(Material shown Opens)

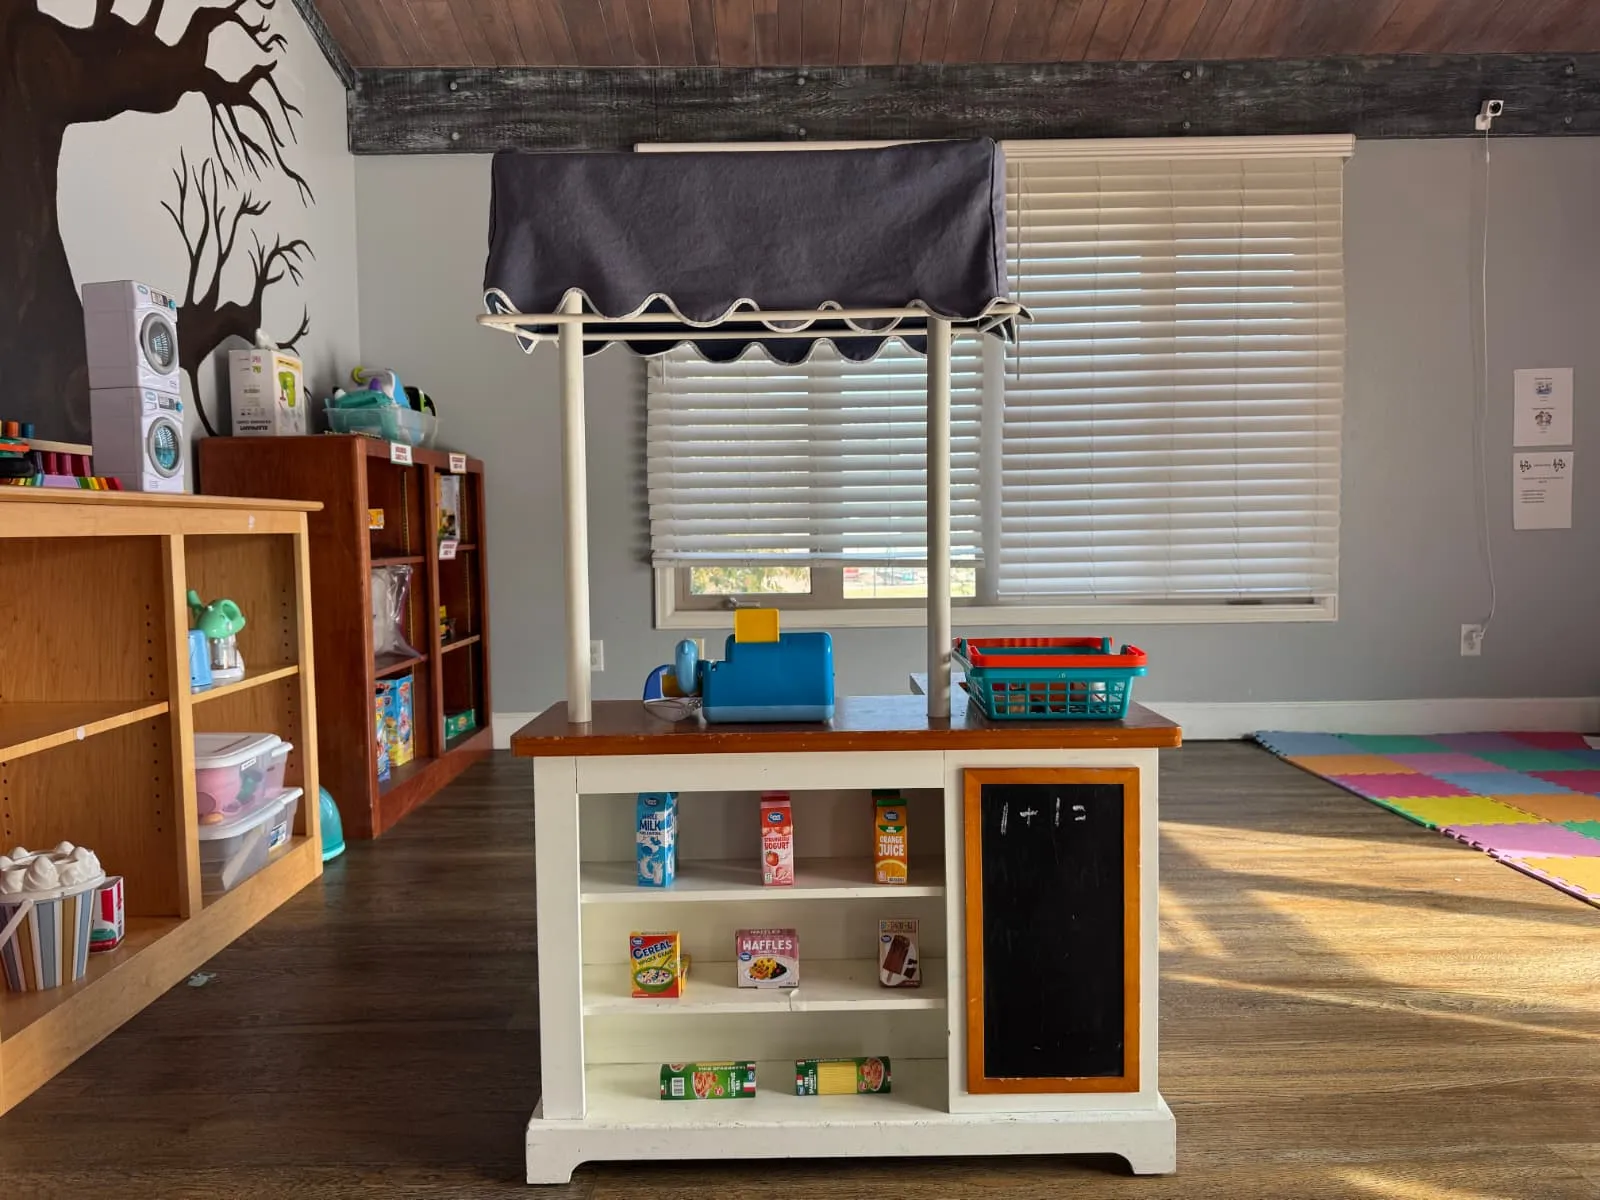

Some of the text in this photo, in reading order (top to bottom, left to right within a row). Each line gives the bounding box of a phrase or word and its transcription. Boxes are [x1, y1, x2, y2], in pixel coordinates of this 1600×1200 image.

[640, 820, 661, 831] MILK
[880, 836, 903, 844] ORANGE
[764, 842, 789, 850] YOGURT
[879, 844, 904, 857] JUICE
[633, 940, 672, 960] CEREAL
[743, 940, 793, 951] WAFFLES

(Material shown Closes)

(Task directions) Retype the data exactly; images stay out.

(Answer area)
Some of the text in this photo, in reading order (top to bottom, left to right within a row). Each line gives the bounding box of a phrase or word and its transcription. Boxes are [x1, y1, x2, y2], in pixel coordinates of this 1600×1200 image.

[640, 820, 661, 831] MILK
[880, 836, 903, 844] ORANGE
[764, 842, 789, 850] YOGURT
[879, 844, 904, 857] JUICE
[633, 940, 672, 960] CEREAL
[743, 940, 793, 951] WAFFLES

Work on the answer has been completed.